Timeline: Willingham was hired by Washington in 2005 and didn’t manage a winning record in any of his four seasons as coach.
In the wake of the last lopsided loss in the worst season in Washington history, the reporters tasked with chronicling the funeral march that was the Huskies’ 2008 season made their way down from the press box at Cal’s Memorial Stadium.
Not only did he oversee a staggering run of lopsided defeats, but he seemed annoyed when anyone dared ask for an explanation as to why this was happening.

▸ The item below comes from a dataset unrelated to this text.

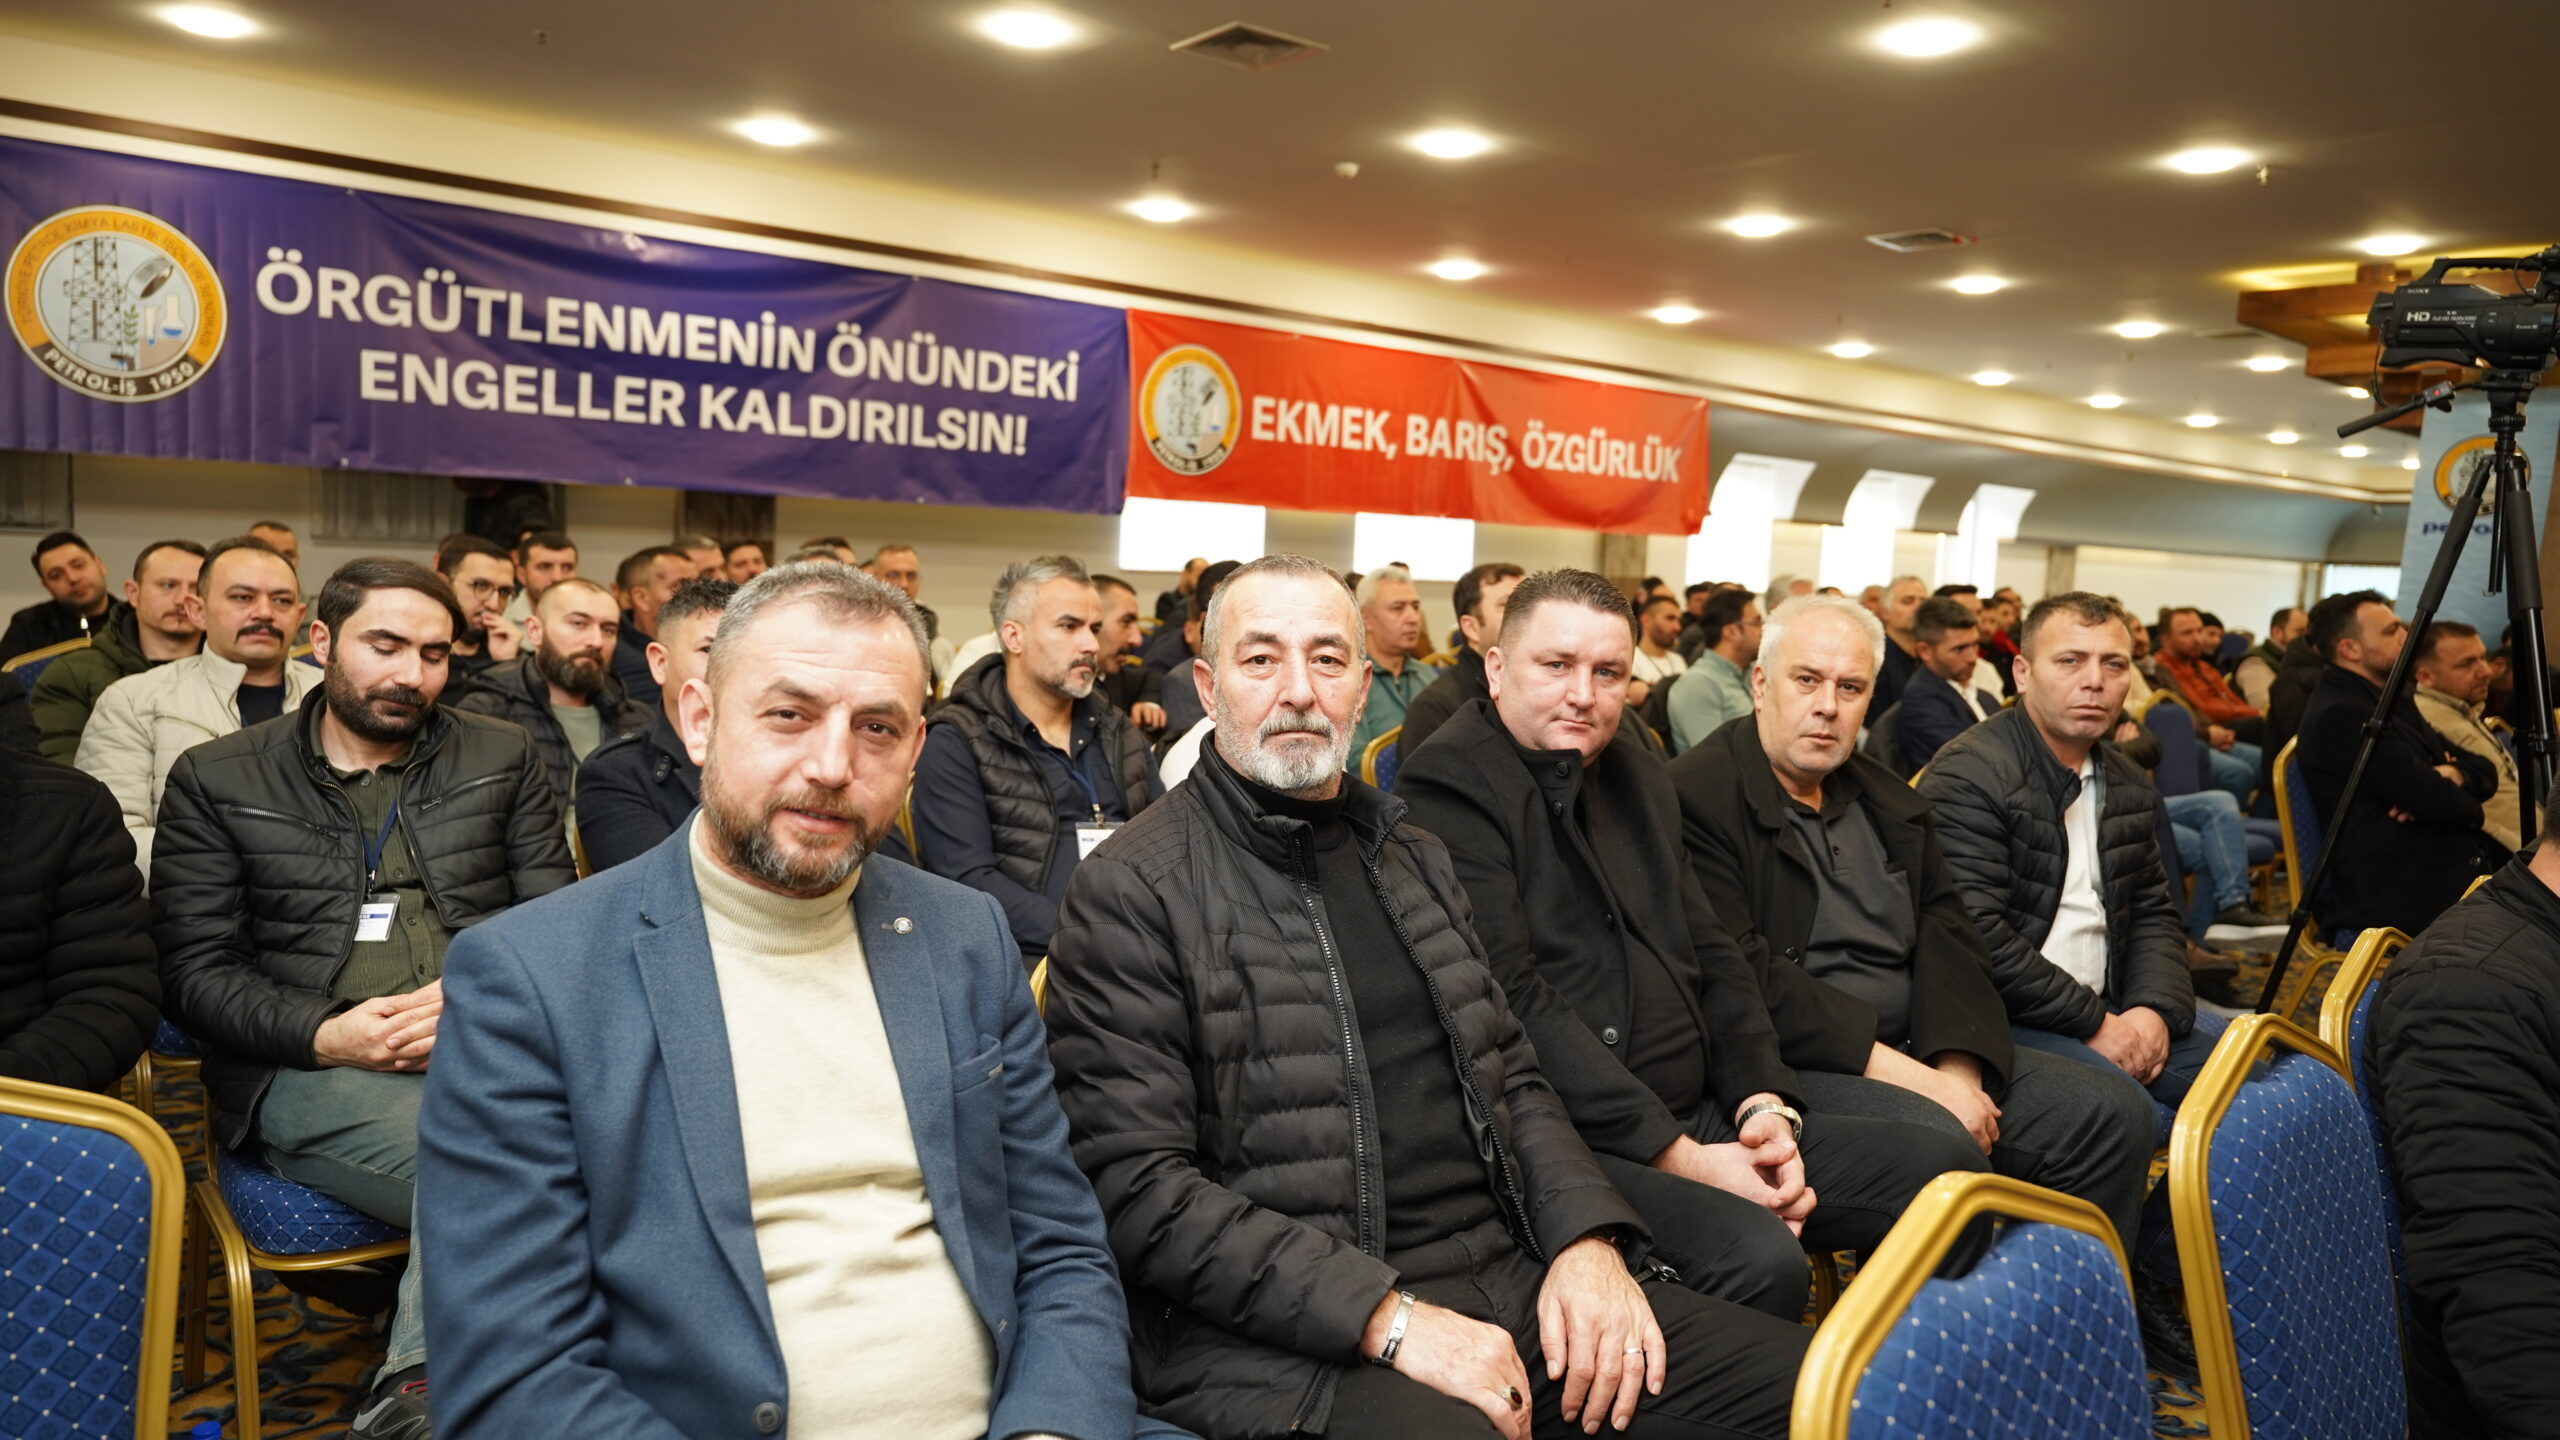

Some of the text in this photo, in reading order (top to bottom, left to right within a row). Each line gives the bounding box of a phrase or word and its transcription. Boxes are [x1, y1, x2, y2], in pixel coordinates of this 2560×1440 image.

As they neared the place where they were to interview Tyrone Willingham, they saw Washington’s coach turn to leave. He told a member of the school’s sports-information department that he had been prepared to answer questions, but no one was present. He had to be persuaded to go back and talk to the reporters, which is a pitch-perfect conclusion for his utterly abominable tenure as Washington coach. Not only did he oversee a staggering run of lopsided defeats, but he seemed annoyed when anyone dared ask for an explanation as to why this was happening.
Even now, it’s hard to explain why it went so poorly. Willingham knew how to coach. He thrived during seven years at Stanford, earning the school’s first conference title in 29 years in 1999. He went to Notre Dame in 2002, where he became the first coach in the school’s history to win his first eight games. When he was fired by the Irish after three seasons, there was a feeling he was getting a raw deal. That he wound up at Washington was considered a coup.
In his four seasons as Washington coach, the Huskies never won more than five games, going 11- 37. If you’re looking for an answer as to why that happened, don’t wait around for Willingham to answer that one.